Slony-I is an asynchronous master-slave replication system for the PostgreSQL DBMS, providing support for cascading and failover. Asynchronous means that when a database transaction has been committed to the master server, it is not yet guaranteed to be available in slaves. Cascading means that replicas can be created (and updated) via other replicas, i.e. they needn't directly connect to the master.

== Terminology ==
The name "slony" comes from the Russian word "слоны" which means "elephants". This is a reference to the PostgreSQL elephant logo, as well as being a "tip of the hat" to Vadim Mikheev, who came up with some of the core ideas Slony-I uses to work. Note that there is a whole set of related terminology:

- slony
 is the plural word for elephants, and indicates that a cluster consists of multiple databases
- slon
 is the singular word for elephant; each replication node is managed by a program named "slon", which aggregate together into the aforementioned "cluster of elephants"
- slonik
 is the word for a "little elephant," and is the name of the program used to configure the cluster.

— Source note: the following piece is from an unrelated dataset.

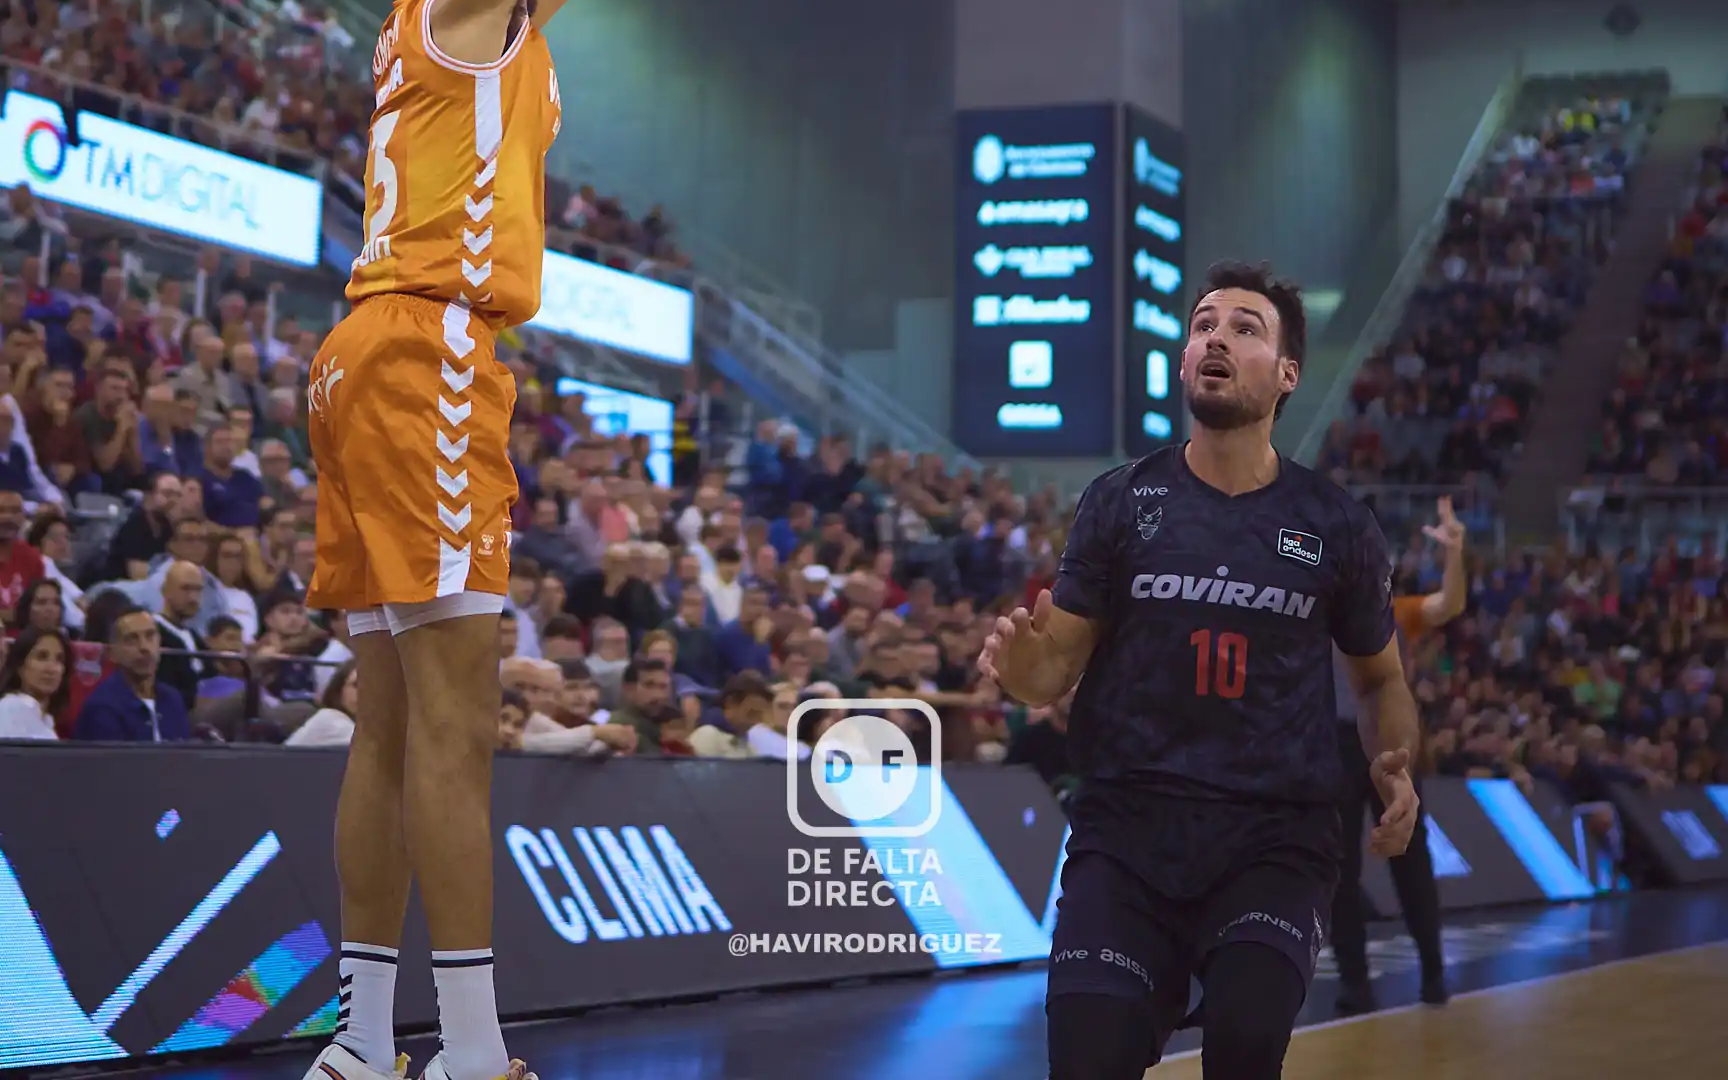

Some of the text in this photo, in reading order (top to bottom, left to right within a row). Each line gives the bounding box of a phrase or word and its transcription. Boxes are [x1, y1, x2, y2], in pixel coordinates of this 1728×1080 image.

In effect, the "little elephant" tells the cluster, "here's what you need to do!"

== Unique features ==
Unlike many other replication solutions for PostgreSQL, Slony-I is not tied to any particular version of the database, which makes it possible to upgrade a database cluster one node at a time, without material downtime. (Version 2.0.0 requires PostgreSQL 8.3+, though)

==See also==
- PostgreSQL
- Replication (computer science)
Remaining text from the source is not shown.